- _What the exercise asks_
When you transcribe the data below, reproduce every line exactly and leave each picture out.

- _Given records_
□ □ □ □ □ □ □
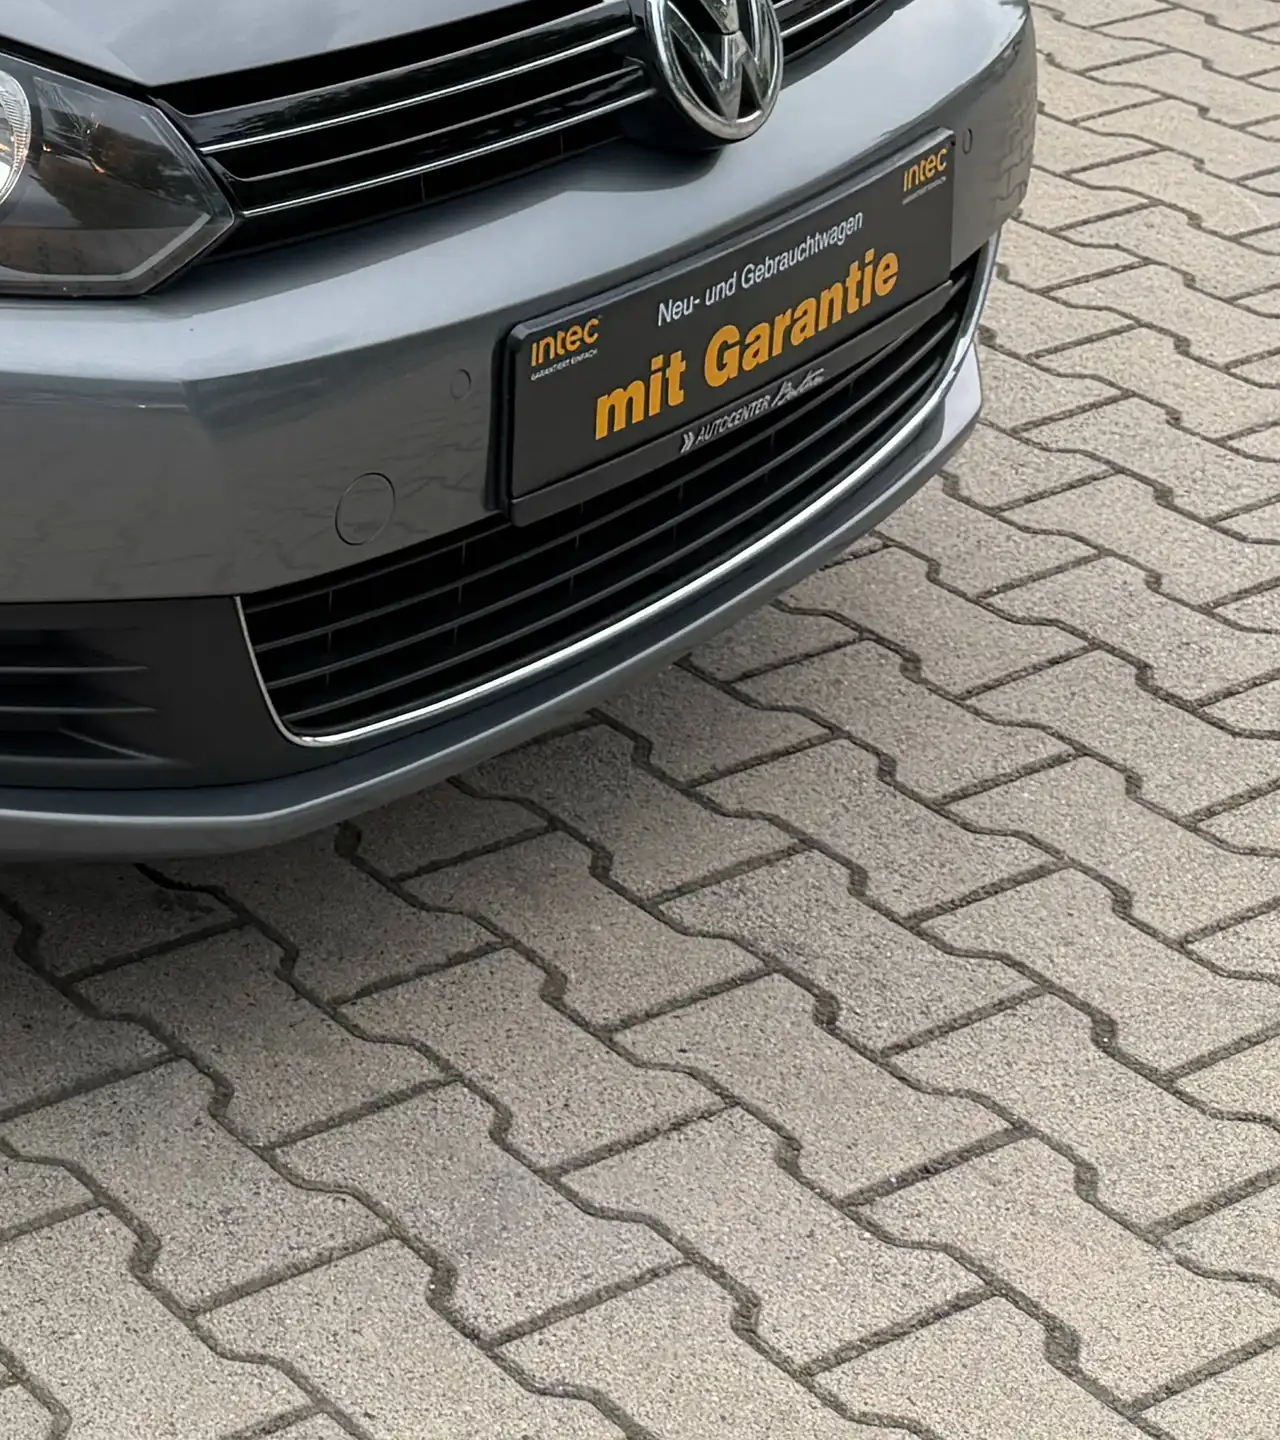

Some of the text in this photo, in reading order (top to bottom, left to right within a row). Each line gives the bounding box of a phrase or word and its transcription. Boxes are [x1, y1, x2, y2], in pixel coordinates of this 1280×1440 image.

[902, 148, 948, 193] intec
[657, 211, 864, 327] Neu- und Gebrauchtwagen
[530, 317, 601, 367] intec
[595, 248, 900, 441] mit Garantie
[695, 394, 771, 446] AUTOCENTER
□ □ □ □ □ □ □
- _Task response_
Some of the text in this photo, in reading order (top to bottom, left to right within a row). Each line gives the bounding box of a phrase or word and its transcription. Boxes are [x1, y1, x2, y2], in pixel coordinates of this 1280×1440 image.

[902, 148, 948, 193] intec
[657, 211, 864, 327] Neu- und Gebrauchtwagen
[530, 317, 601, 367] intec
[595, 248, 900, 441] mit Garantie
[695, 394, 771, 446] AUTOCENTER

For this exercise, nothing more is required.